A Heartbreaking Novel About a Teen Forced to Live as an Intersex


by Buki Papillon

Even in the best of circumstances, puberty is a strange, uncomfortable experience. But for people who exist outside the norms of their community, this discomfort is often exacerbated, especially when they are forced to keep their differences hidden. This difficult secrecy is central to Buki Papillon’s ambitious debut novel, An Ordinary Miracle.

Set in Nigeria in the late 1980s and early 1990s, the book is about an intersex teenager named Otolorin. Otolorin identifies herself as a girl, Lori, but is forced to live as a boy, Oto (the name she uses throughout the book). Oto believes it’s cursed and shameful because she’s intersex. “I’ve been called a ‘monster’,” Oto explains. Especially his family demonizes him. Early in the novel, Oto’s beloved twin sister buys a new dress and lets Oto try it on. But when his mother catches Oto wearing it, he throws Oto down the stairs. His aggression gets worse from there.
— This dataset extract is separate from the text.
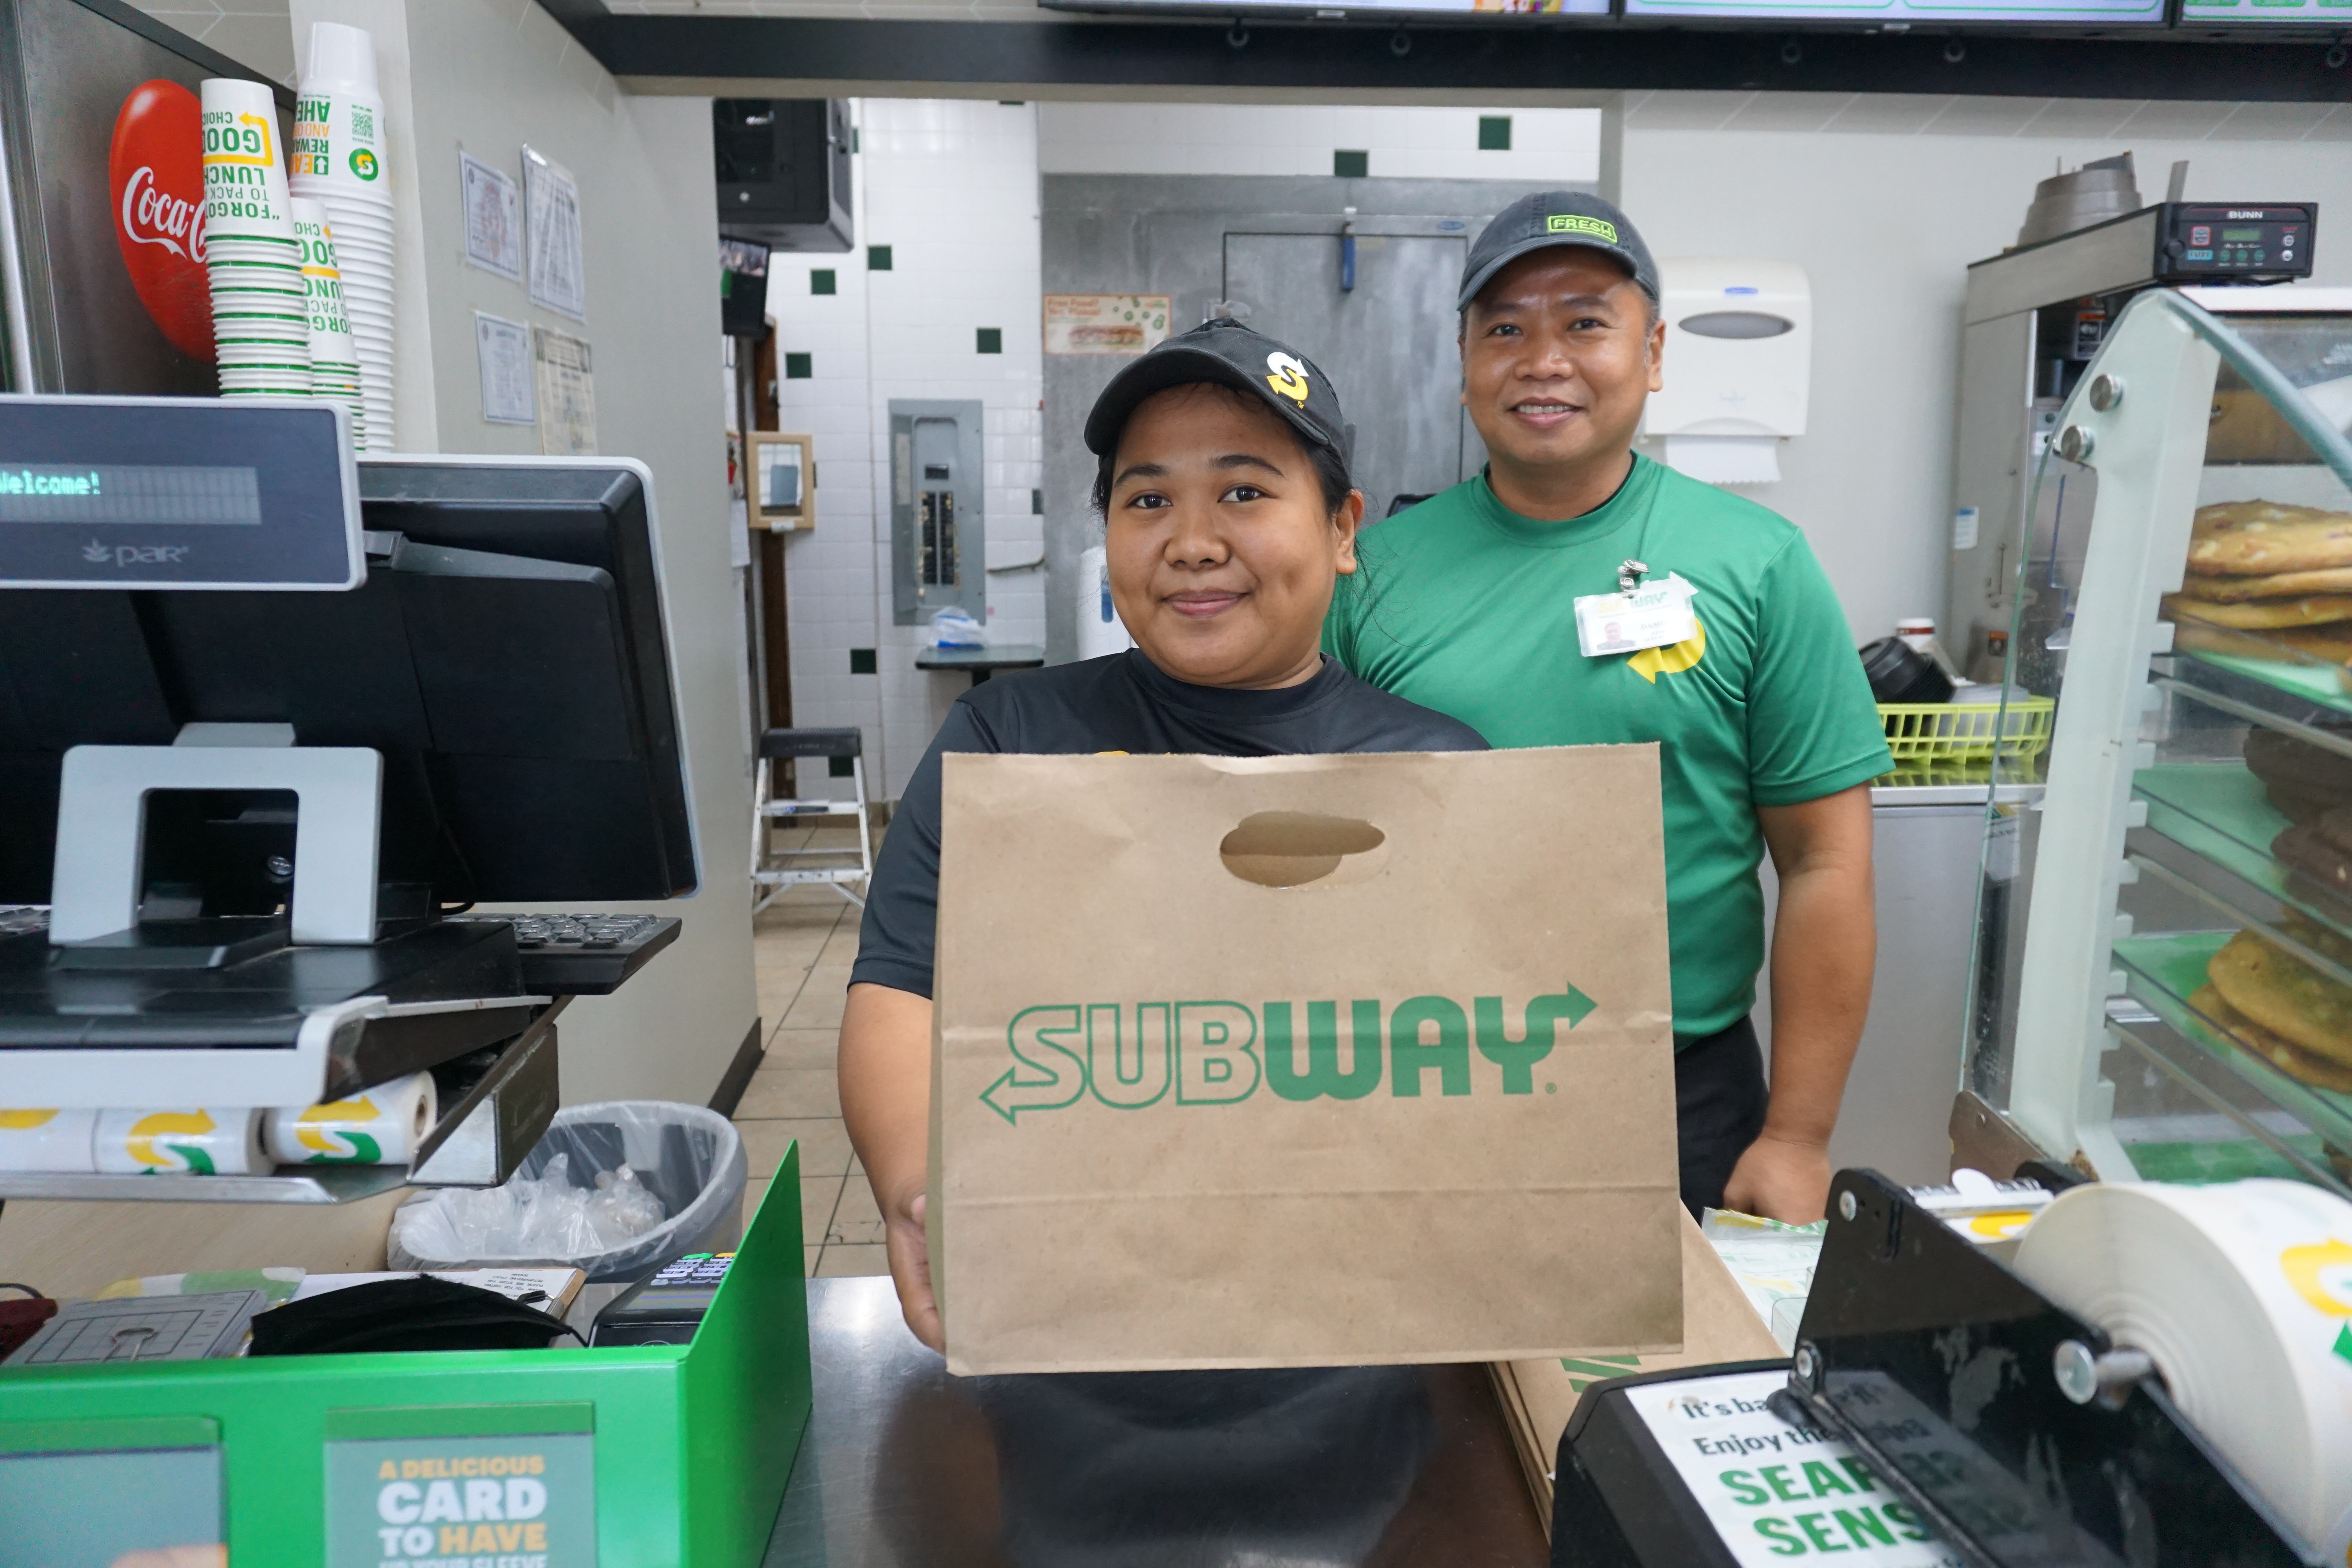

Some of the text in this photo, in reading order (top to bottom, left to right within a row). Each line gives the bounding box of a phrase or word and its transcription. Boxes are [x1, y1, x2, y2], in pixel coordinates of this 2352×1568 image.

Written with alternating “Before” and “Now,” the first chapter of the novel alternates between Oto’s claustrophobia of home life and his experiences while in boarding school two years later. The violence at the beginning of the book lasts so long that it gives the “Before” chapters a stuffy quality, partly by necessity, allowing readers to understand how dangerous Oto’s life was, but simultaneously describing the beating, harassment, and danger of suffocation. times bordering on voyeurism.

In Chapter 2, the “Before/Now” structure is dropped and the novel focuses only on Oto’s time at school. Even when he is away from his family, Oto’s difficulties continue. He still lives as a man, and his typical teenage ailments, from changing beds to going to the school dance, are dangerous for him. But Auto remains at the top of her class in hopes of “winning that scholarship to America where they’ll know what to do with my body before the worst happens and it’s too late and I’m forever stuck on the wrong track.”

While fear plays a role in boarding school episodes, these episodes also include joy. Unable to cope with her mother’s disgust and violence, Oto has room for friendship, creative expression and all-consuming love. This adolescent enthusiasm is particularly evident in Oto’s relationship with his roommate, who quickly becomes his best friend.

The subject matter of the book is sometimes exaggerated. Towards the end it feels like Papillon is in a rush to finish each story line. In addition, Oto’s relationship with his sister is often briefly described, which makes it difficult to see certain affinities between them.

But Papillon’s work shines when he explores the complexity of Oto’s experiences. Moments of excitement and brutality are rendered with lively urgency. Papillon weaves folk tales and proverbs into the narrative, such as the story of Obatala, a god “in charge of making human bodies,” whose story resonates in unexpected and disturbing ways with Oto’s plight.

Oto is a carefully observed character, and it is one of Papillon’s achievements that it is greater than the sum of the many traumas Oto has gone through. For example, Oto’s wily humor underlines his acting wit. He is a character with great empathy who works to protect his sister and understand his mother even when he is facing terrible violence.

“An Ordinary Wonder” ends in an optimistic place: Oto has a chance to show his true self and starts living as Lori. While her story highlights the limiting dangers of gender binary, it also reminds us that storytelling must help us envision a wider and more inclusive world.